Saved entries:
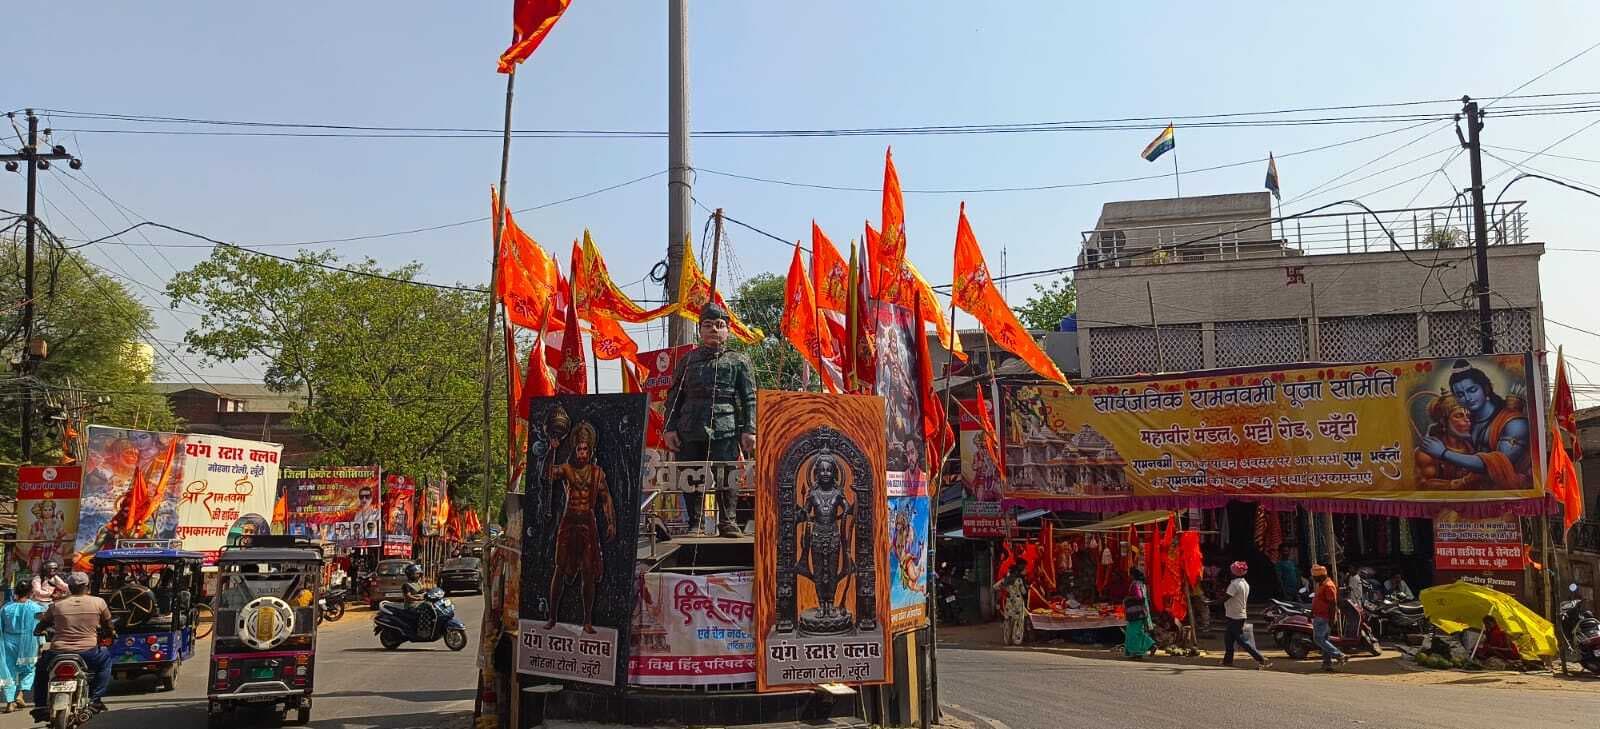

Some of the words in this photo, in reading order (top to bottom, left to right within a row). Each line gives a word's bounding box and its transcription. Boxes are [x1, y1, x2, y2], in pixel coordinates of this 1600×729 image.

[1093, 387, 1185, 413] सार्वजनिक
[1189, 377, 1276, 408] रामनवमी
[1282, 380, 1322, 409] पूजा
[1330, 369, 1398, 399] समिति
[1140, 423, 1190, 448] महावीर
[1194, 422, 1239, 446] मंडल,
[1244, 417, 1273, 444] भट्टी
[1278, 415, 1313, 440] रोड,
[1318, 412, 1359, 442] खूँटी
[186, 440, 211, 459] यंग
[218, 446, 244, 461] स्टार
[249, 449, 278, 464] क्लब
[717, 598, 754, 621] नवव
[523, 630, 542, 648] यंग
[548, 635, 574, 652] स्टार
[578, 640, 611, 656] क्लब
[770, 641, 797, 660] यंग
[804, 644, 837, 660] स्टार
[843, 642, 880, 658] क्लब
[782, 666, 816, 680] मोहना
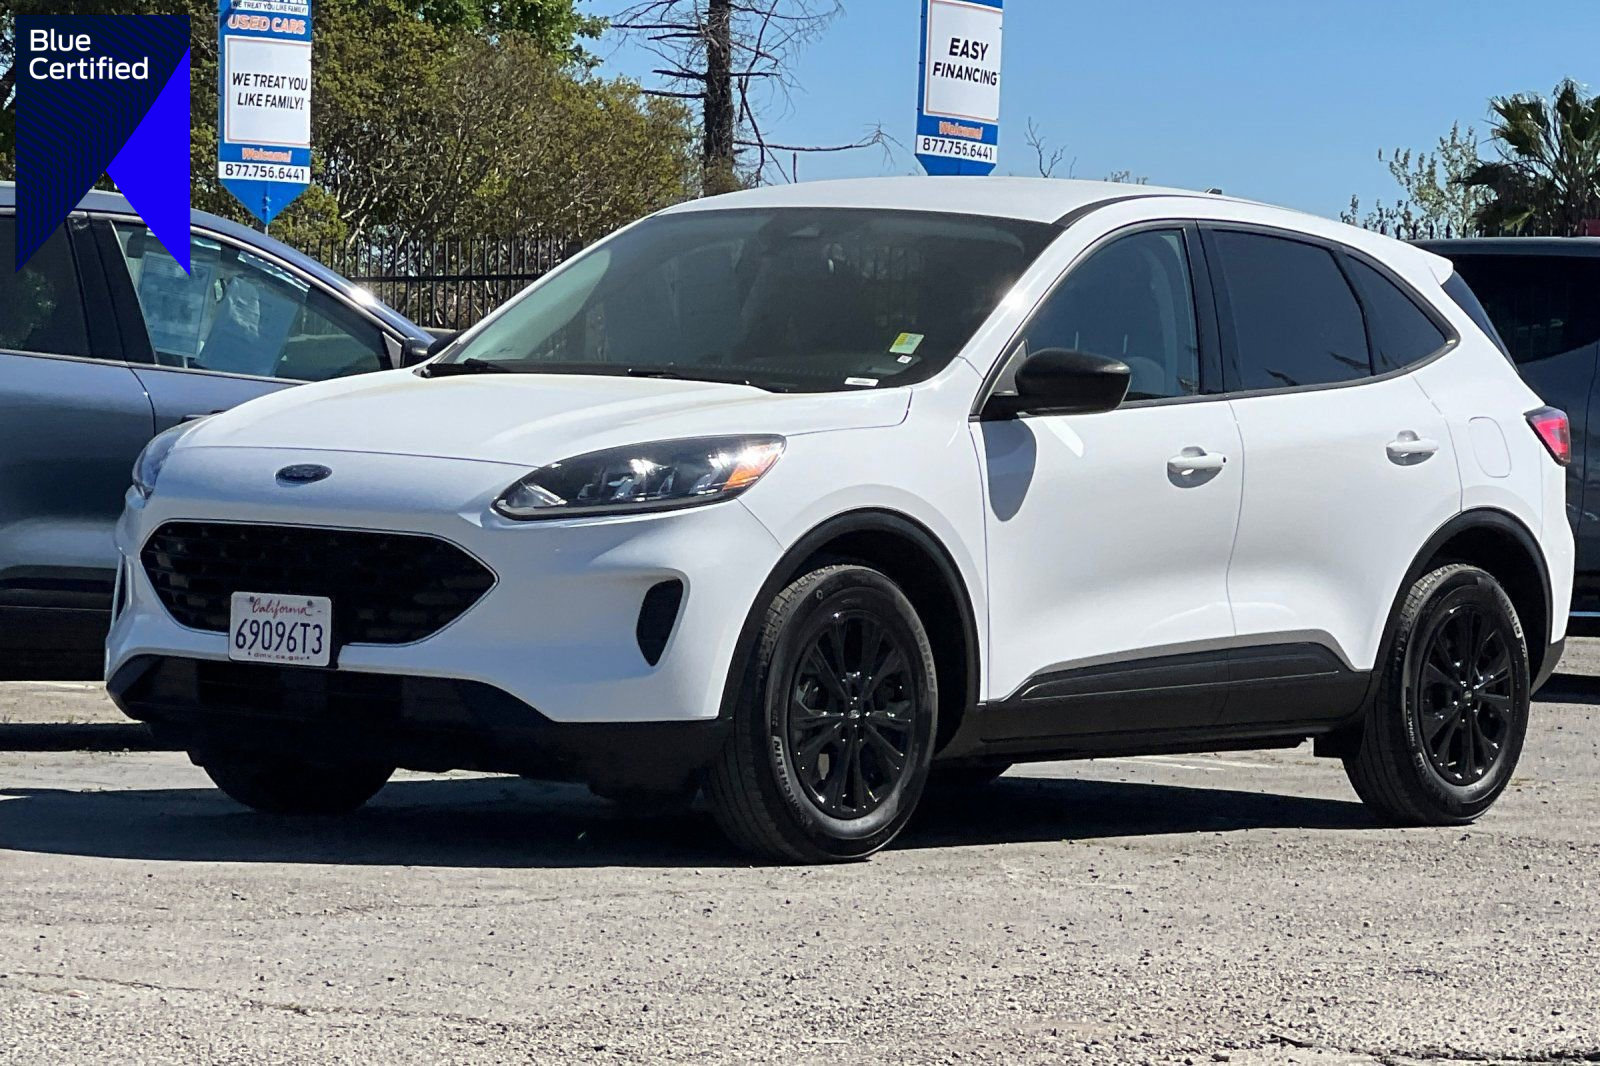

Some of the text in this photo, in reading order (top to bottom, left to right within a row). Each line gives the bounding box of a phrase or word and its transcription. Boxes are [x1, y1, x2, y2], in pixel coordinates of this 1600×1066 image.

[228, 14, 306, 35] USED CARS
[949, 38, 989, 61] EASY
[232, 72, 308, 91] WE TREAT YOU
[932, 62, 997, 86] FINANCING
[237, 92, 304, 110] LIKE FAMILY!
[923, 138, 992, 160] 877.756.6441
[225, 164, 304, 181] 877.756.6441
[252, 598, 313, 619] California
[236, 619, 323, 654] 69096T3
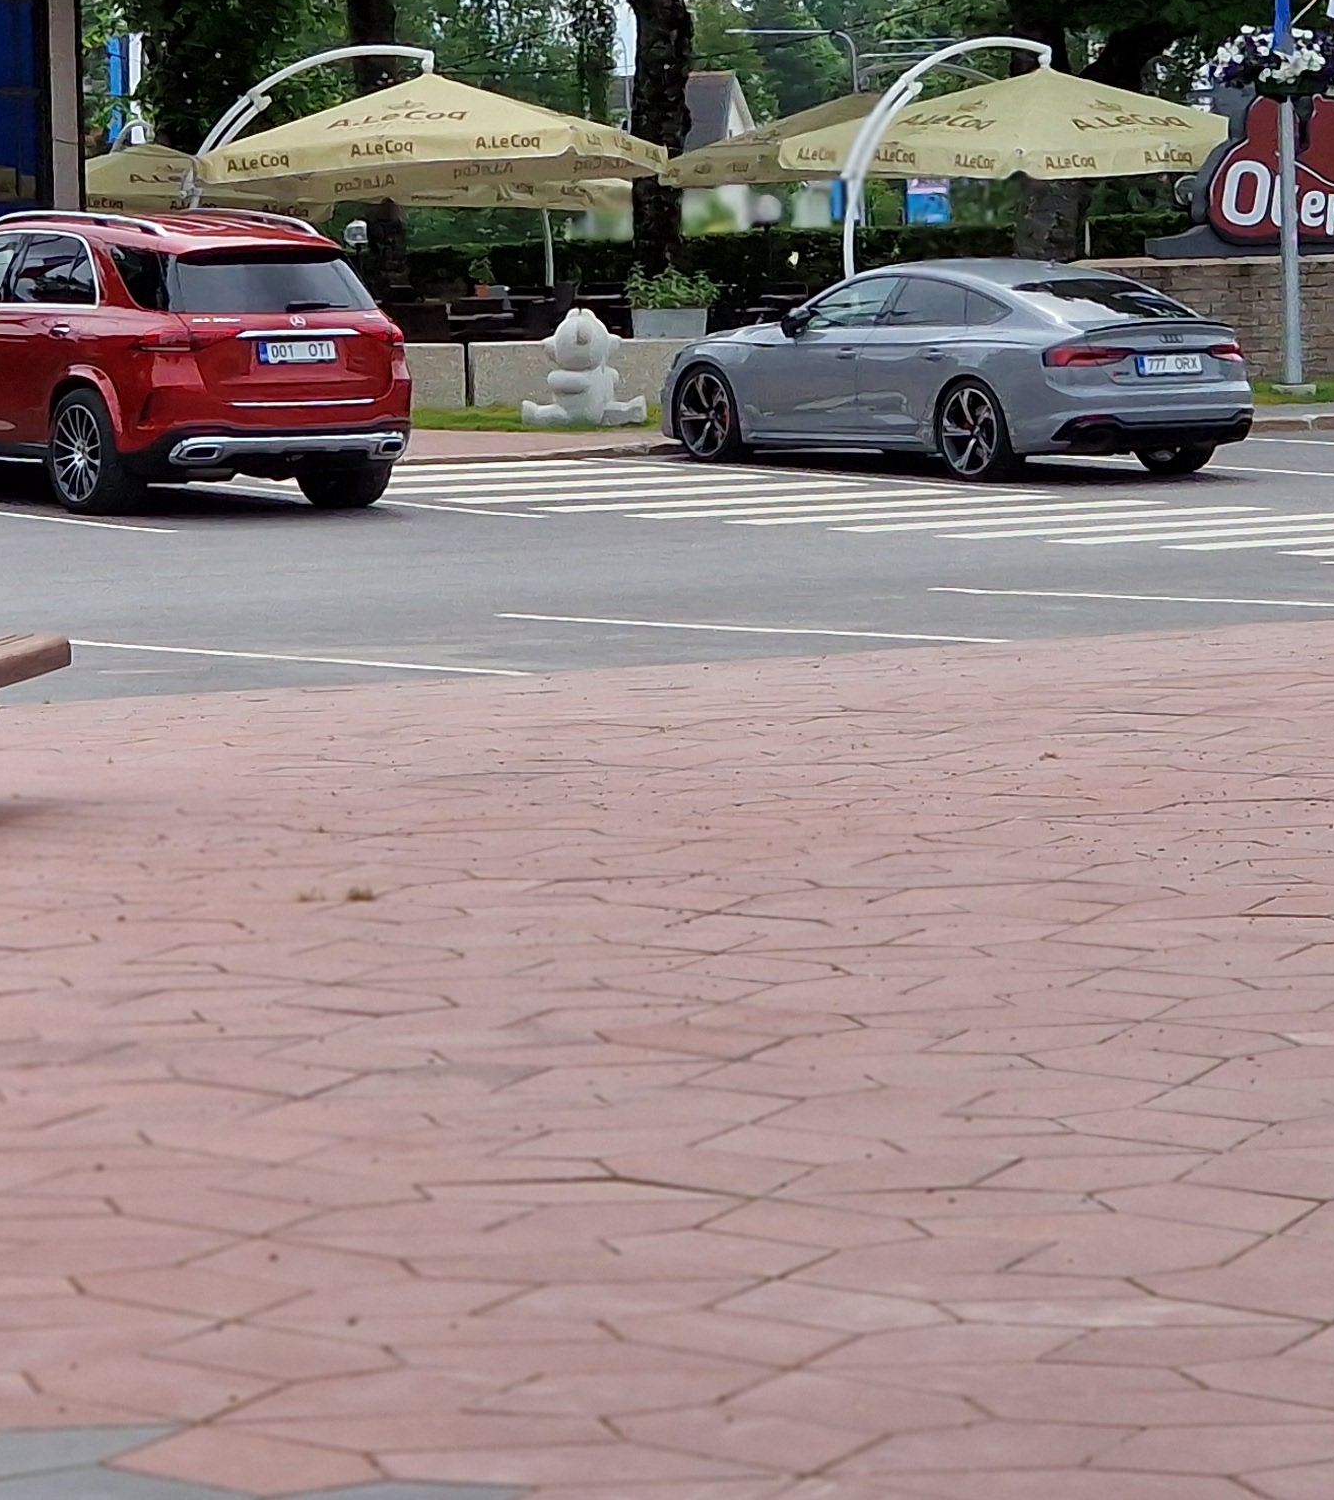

* Problem to solve
Set each line of the records down exactly, leaving every picture out.

* Solved exercise
Some of the words in this photo, in reading order (top to bottom, left to right within a row). Each line gives a word's bounding box and its transcription. Boxes are [x1, y1, x2, y2], in pixel coordinates of this 1600×729 image.

[1093, 387, 1185, 413] सार्वजनिक
[1189, 377, 1276, 408] रामनवमी
[1282, 380, 1322, 409] पूजा
[1330, 369, 1398, 399] समिति
[1140, 423, 1190, 448] महावीर
[1194, 422, 1239, 446] मंडल,
[1244, 417, 1273, 444] भट्टी
[1278, 415, 1313, 440] रोड,
[1318, 412, 1359, 442] खूँटी
[186, 440, 211, 459] यंग
[218, 446, 244, 461] स्टार
[249, 449, 278, 464] क्लब
[717, 598, 754, 621] नवव
[523, 630, 542, 648] यंग
[548, 635, 574, 652] स्टार
[578, 640, 611, 656] क्लब
[770, 641, 797, 660] यंग
[804, 644, 837, 660] स्टार
[843, 642, 880, 658] क्लब
[782, 666, 816, 680] मोहना

Some of the text in this photo, in reading order (top to bottom, left to right within a row). Each line gives the bounding box of a phrase or word and its transcription. Boxes are [x1, y1, x2, y2], in pixel coordinates of this 1600×1066 image.

[228, 14, 306, 35] USED CARS
[949, 38, 989, 61] EASY
[232, 72, 308, 91] WE TREAT YOU
[932, 62, 997, 86] FINANCING
[237, 92, 304, 110] LIKE FAMILY!
[923, 138, 992, 160] 877.756.6441
[225, 164, 304, 181] 877.756.6441
[252, 598, 313, 619] California
[236, 619, 323, 654] 69096T3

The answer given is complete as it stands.